Importance of reproducibility, challenges to achieving reproducibility, best practices for reproducible research, tools and techniques to enhance reproducibility

Key terms:

  • Hyperparameter: parameters whose values control the learning process and determine the values of model parameters that a learning algorithm ends up learning. The prefix “hyper” in the term indicates their role as top-level parameters controlling the learning process. Hyperparameters exist externally in the model and cannot be estimated using the data because the developer sets these values before the model training begins.
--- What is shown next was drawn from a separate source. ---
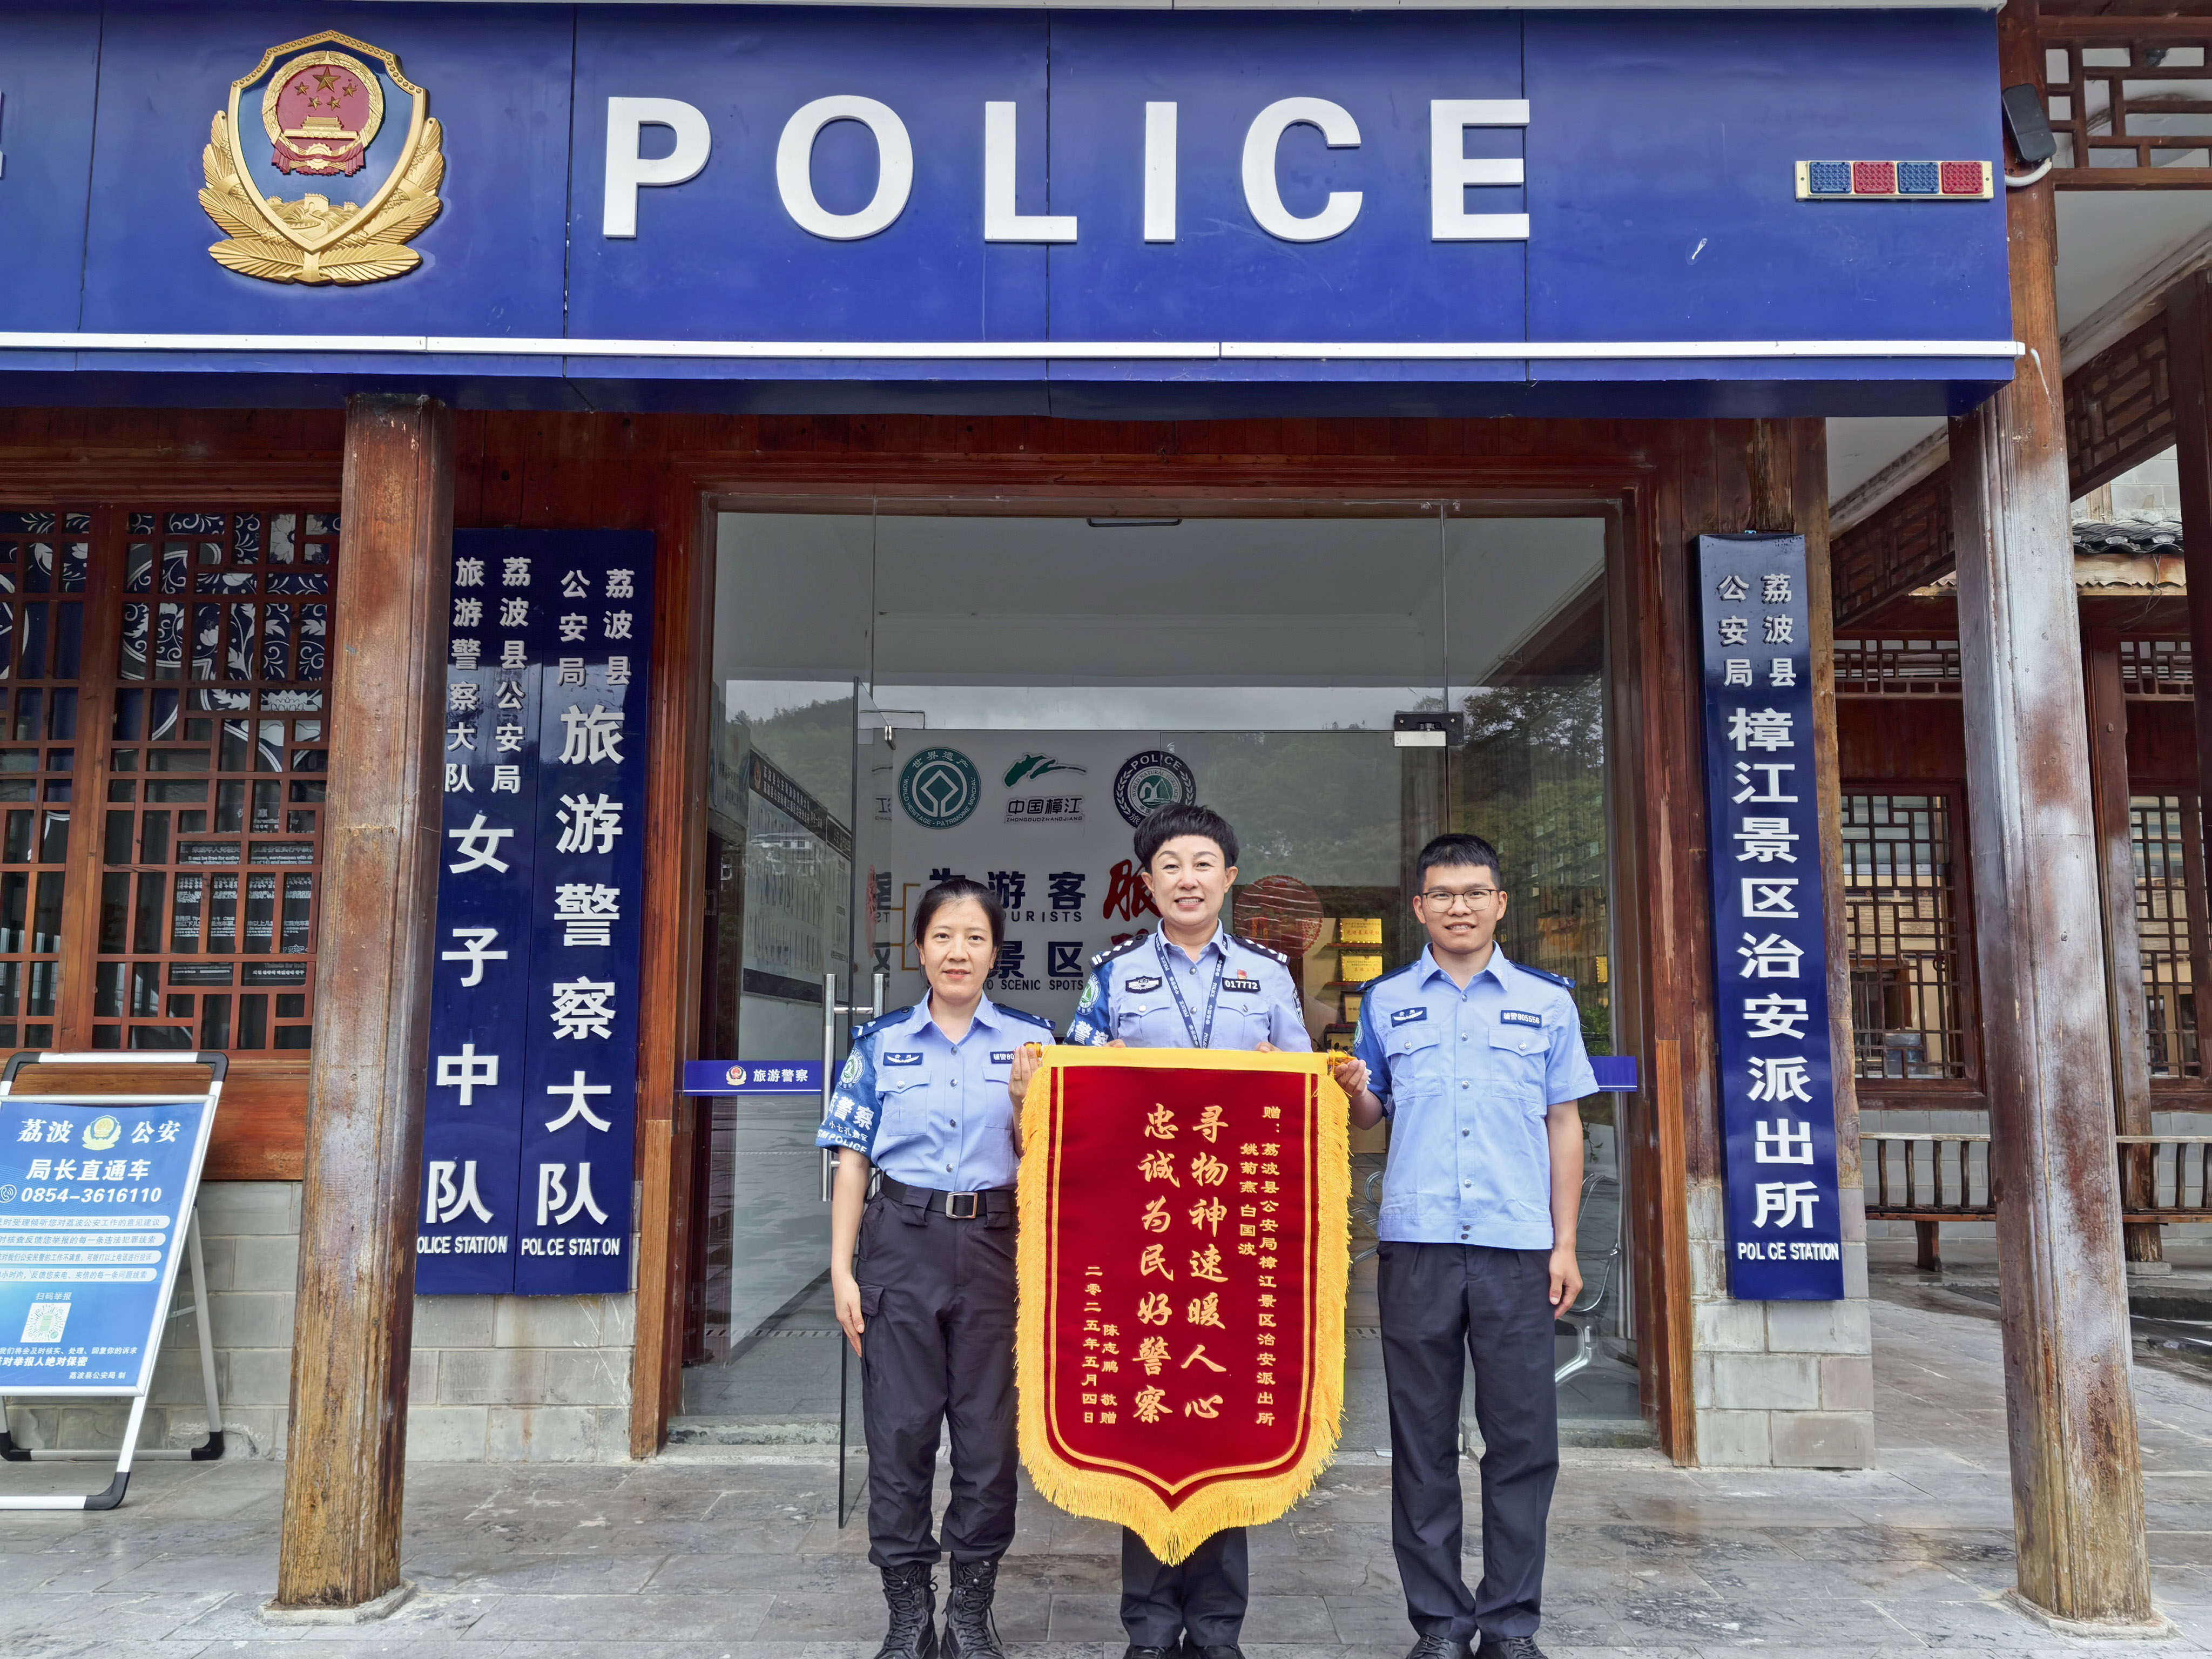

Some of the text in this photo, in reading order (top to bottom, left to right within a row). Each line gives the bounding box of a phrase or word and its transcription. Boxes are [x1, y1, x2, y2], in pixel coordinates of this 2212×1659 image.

  • Modeling code: code used to implement the model

  • Implementation code: code used for inference

Outline

The Reproducibility Checklist

The Reproducibility Checklist was created by Canadian computer scientist, Joelle Pineau, with the goal of facilitating reproducible machine learning algorithms that can be tested and replicated. Their checklist is as follows:

For all models and algorithms, check that you include:

  • A clear description of the mathematical setting, algorithm, and/or model

  • An analysis of the complexity (time, space, sample size) of any algorithm

  • A link to a downloadable source code*, with specification of all dependencies, including external libraries

For any theoretical claim, check that you include:

  • A statement of the result

  • A clear explanation of each assumption

  • A complete proof of the claim

For all figures and tables that include empirical results, check that you include:

  • A complete description of the data collection process, including sample size

  • A link to a downloadable version of the dataset or simulation environment

  • An explanation of any data that was excluded and a description of any preprocessing step

  • An explanation of how samples were allocated for training, validation, and testing

  • The range of hyperparameters considered, method to select the best hyperparameter configuration, and specification of each hyperparameter used to generate results

  • The exact number of evaluation runs

  • A description of how experiments were run

  • A clear definition of the specific measure of statistics used to report results

  • Clearly defined error bars

  • A description of results with central tendency (e.g., mean) and variation (e.g., standard deviation)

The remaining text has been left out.